It is the focus that chemical fibre industry is paid close attention to that regeneration for waste and old polyester textiles is reclaimed always, but current reclaimed waste and old polyester material mostly is impurities and more easily removes or impurity is at high temperature the waste polyester bottle chip of inertia and cloth foam material, this type of waste material is comparatively single due to composition, and the physics fusion method of high efficiency, low cost can be adopted to regenerate.For the recovery of waste and old polyester/cotton blended fabric, patent of invention CN102558779A adopts ethylene glycol to be regroup after solubility polymerization intermediate is separated with cotton to prepare recycled polyester by polyester alcoholysis again, although this method can realize being separated of polyester and cotton, but the acomia separation realizing polyester/polyurethane, because ethylene glycol at high temperature also can react with polyurethane and produce non-polyester monomelic impurities, and is not easily separated with polyester intermediate.Patent of invention CN1585798A utilizes acid amides series solvent to dissolve polyester component in waste material to realize being separated of polyester and other kind high polymer, but this method operating procedure is more complicated, and efficiency is low, and cost is high.
Summary of the invention
The object of this invention is to provide a kind of preparation method of regenerative polyester staple fiber, be intended to solve polyester/polyurethane BLENDED FABRIC and be total to thermal degradation problems serious in melting process, by adding styrene-maleic anhydride copolymer as polyurethane high-temperature hot degradation inhibitor and out-phase increase-volume promoter, thus the melting regeneration realizing waste and old polyester/polyurethane loomage can be spun, and preparation has the regenerative polyester staple fiber of better mechanical property, is a kind of waste and old polyester material regeneration technology of high-efficiency environment friendly.
The preparation method of a kind of regenerative polyester staple fiber of the present invention, comprises the following steps:
1) waste and old polyester/polyurethane BLENDED FABRIC is carried out pulverizing, cleaning and vacuumize, obtain the polyester/polyurethane BLENDED FABRIC fragment of moisture content <100ppm;
2) by polyester/polyurethane BLENDED FABRIC fragment and styrene-maleic anhydride copolymer powder, after phosphite ester kind antioxidant fully mixes, pre-fusion granule is carried out at terylene foam material comminutor at temperature is 190-220 DEG C, granule process assists nitrogen protection, the time of staying of raw material in foam material machine should control at 1-3min, and this process terminates rear acquisition modified poly ester/polyurethane foam material;
3) modified poly ester/polyurethane foam material is carried out vacuumize, ensure its moisture content <100ppm;
4) dried modified poly ester/polyurethane foam material is sent into spinning screw, carry out melt spinning at a certain temperature, prepare regenerative polyester staple fiber, its fibre strength is 3.52-4.15cN/dtex, and elongation at break is 23.5-48.3%.

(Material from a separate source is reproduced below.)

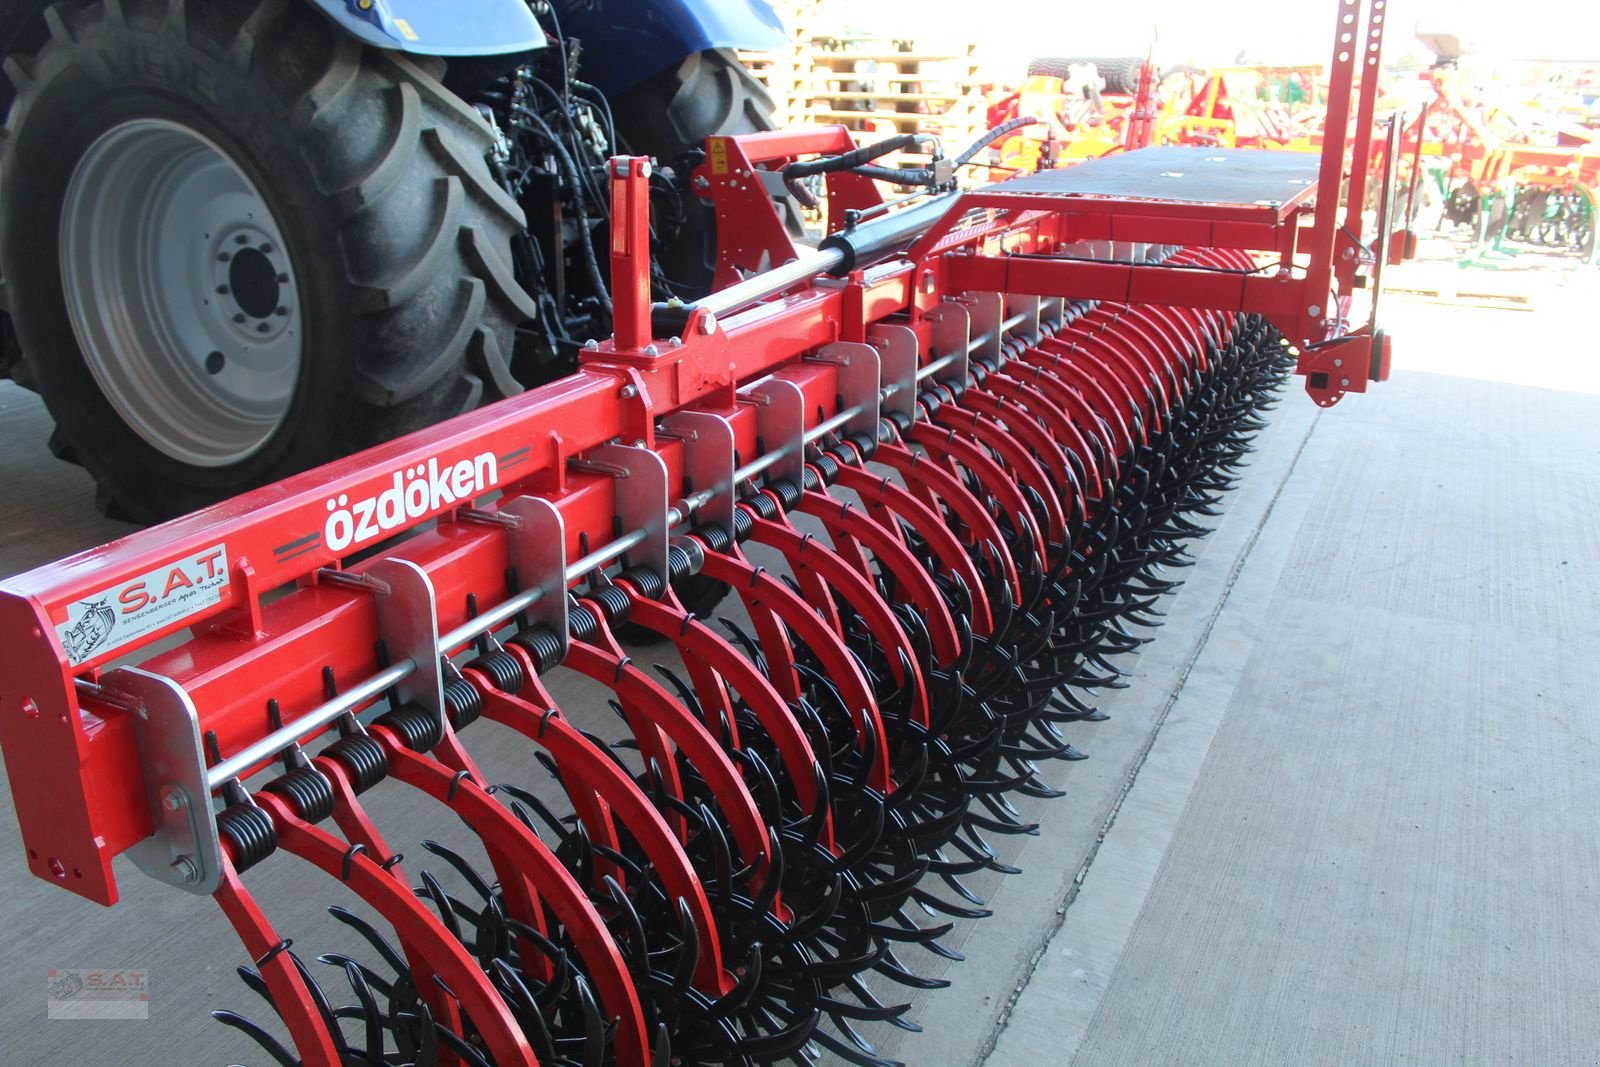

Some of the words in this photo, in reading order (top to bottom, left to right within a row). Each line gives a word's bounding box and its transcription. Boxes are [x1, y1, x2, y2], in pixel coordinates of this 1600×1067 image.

The preparation method of a kind of regenerative polyester staple fiber as above, in described waste and old polyester/polyurethane BLENDED FABRIC, the content of polyester is 70%-99wt%, the content of polyurethane is 1%-30wt%, the waste material of 30wt% is greater than for polyurethane content in waste and old polyester BLENDED FABRIC, or have particular/special requirement to reclaiming the content of two kinds of components in raw material, ratio can be regulated by adding appropriate waste pure mylar foam material.
The preparation method of a kind of regenerative polyester staple fiber as above, described polyester is polyethylene terephthalate, and polyurethane is one or both the mixture in PAUR or EU.
The preparation method of a kind of regenerative polyester staple fiber as above, in described styrene-maleic anhydride copolymer, maleic anhydride units molar content is 5-15%, the styrene-maleic anhydride copolymer solid particle of described powder to be diameter be 0.05-0.5mm.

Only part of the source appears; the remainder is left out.